+++ Extracted records +++

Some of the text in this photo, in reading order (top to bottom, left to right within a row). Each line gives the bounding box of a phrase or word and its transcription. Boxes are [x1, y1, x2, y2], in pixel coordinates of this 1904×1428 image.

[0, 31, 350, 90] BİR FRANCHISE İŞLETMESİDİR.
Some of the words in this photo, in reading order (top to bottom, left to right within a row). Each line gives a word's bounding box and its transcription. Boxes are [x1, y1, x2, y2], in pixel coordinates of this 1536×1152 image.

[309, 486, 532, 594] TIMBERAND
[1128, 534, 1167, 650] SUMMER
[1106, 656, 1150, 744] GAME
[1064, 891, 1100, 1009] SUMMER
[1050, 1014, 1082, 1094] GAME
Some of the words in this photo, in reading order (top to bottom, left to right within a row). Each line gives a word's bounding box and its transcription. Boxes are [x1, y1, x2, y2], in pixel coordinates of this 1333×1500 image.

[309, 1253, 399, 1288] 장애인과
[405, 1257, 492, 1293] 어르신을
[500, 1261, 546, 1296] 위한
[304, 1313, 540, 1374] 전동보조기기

+++

Work required: Taking the line that contains "this 1536×1152 image." as the starting point, copy every line through the end of the listing exactly, and write nothing further.

Answer space:
Some of the words in this photo, in reading order (top to bottom, left to right within a row). Each line gives a word's bounding box and its transcription. Boxes are [x1, y1, x2, y2], in pixel coordinates of this 1536×1152 image.

[309, 486, 532, 594] TIMBERAND
[1128, 534, 1167, 650] SUMMER
[1106, 656, 1150, 744] GAME
[1064, 891, 1100, 1009] SUMMER
[1050, 1014, 1082, 1094] GAME
Some of the words in this photo, in reading order (top to bottom, left to right within a row). Each line gives a word's bounding box and its transcription. Boxes are [x1, y1, x2, y2], in pixel coordinates of this 1333×1500 image.

[309, 1253, 399, 1288] 장애인과
[405, 1257, 492, 1293] 어르신을
[500, 1261, 546, 1296] 위한
[304, 1313, 540, 1374] 전동보조기기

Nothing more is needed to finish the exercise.